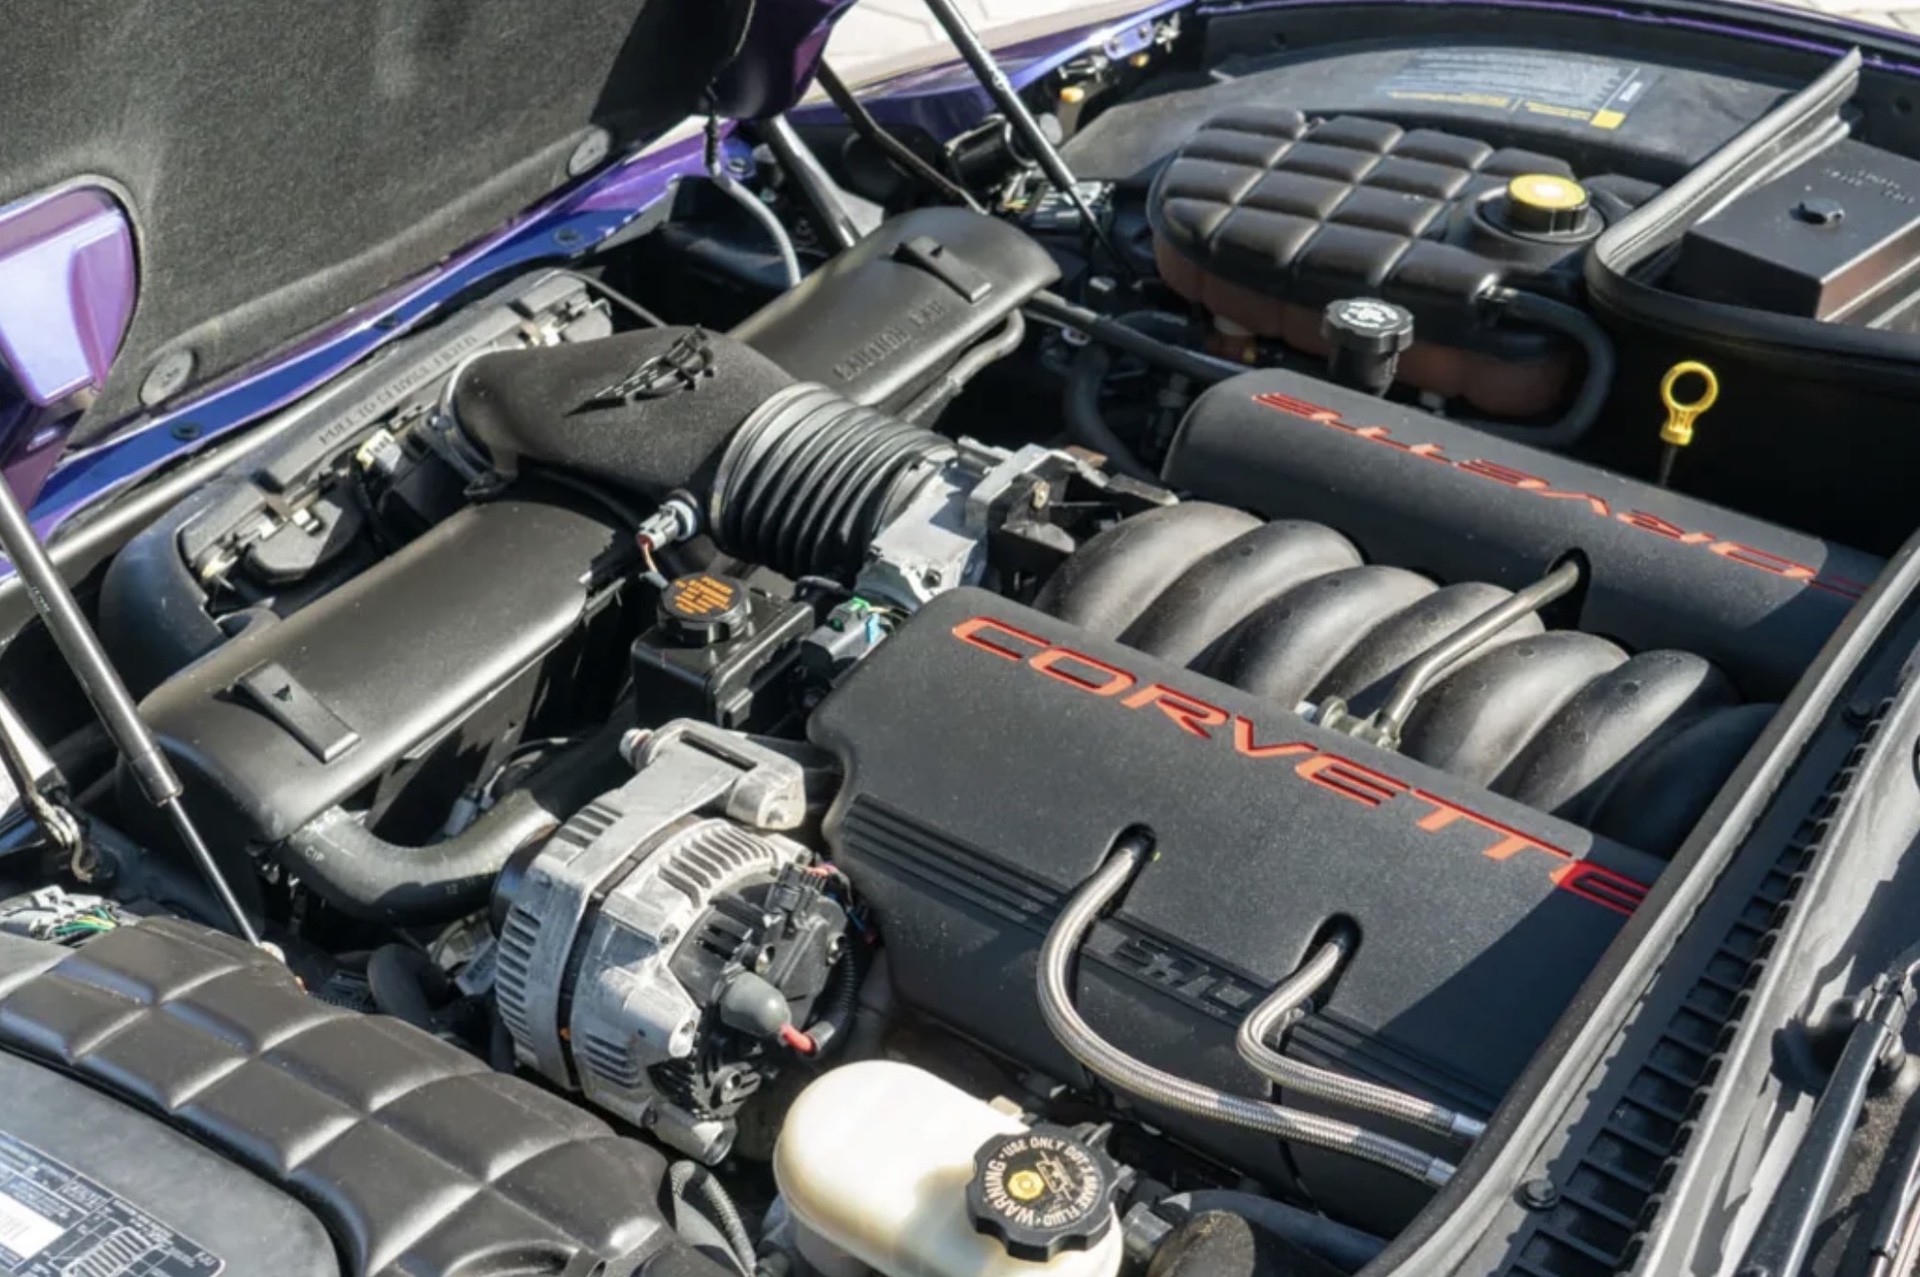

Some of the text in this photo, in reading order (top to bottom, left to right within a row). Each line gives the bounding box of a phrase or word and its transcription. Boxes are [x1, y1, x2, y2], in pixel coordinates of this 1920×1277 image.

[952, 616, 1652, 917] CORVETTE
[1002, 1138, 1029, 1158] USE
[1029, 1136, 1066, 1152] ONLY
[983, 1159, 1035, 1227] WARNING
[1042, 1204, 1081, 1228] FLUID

[Work item] If a record contains a picture, leave the picture out and return everything else exactly.

[Solved problem]
Some of the text in this photo, in reading order (top to bottom, left to right within a row). Each line gives the bounding box of a phrase or word and its transcription. Boxes are [x1, y1, x2, y2], in pixel coordinates of this 1920×1277 image.

[952, 616, 1652, 917] CORVETTE
[1002, 1138, 1029, 1158] USE
[1029, 1136, 1066, 1152] ONLY
[983, 1159, 1035, 1227] WARNING
[1042, 1204, 1081, 1228] FLUID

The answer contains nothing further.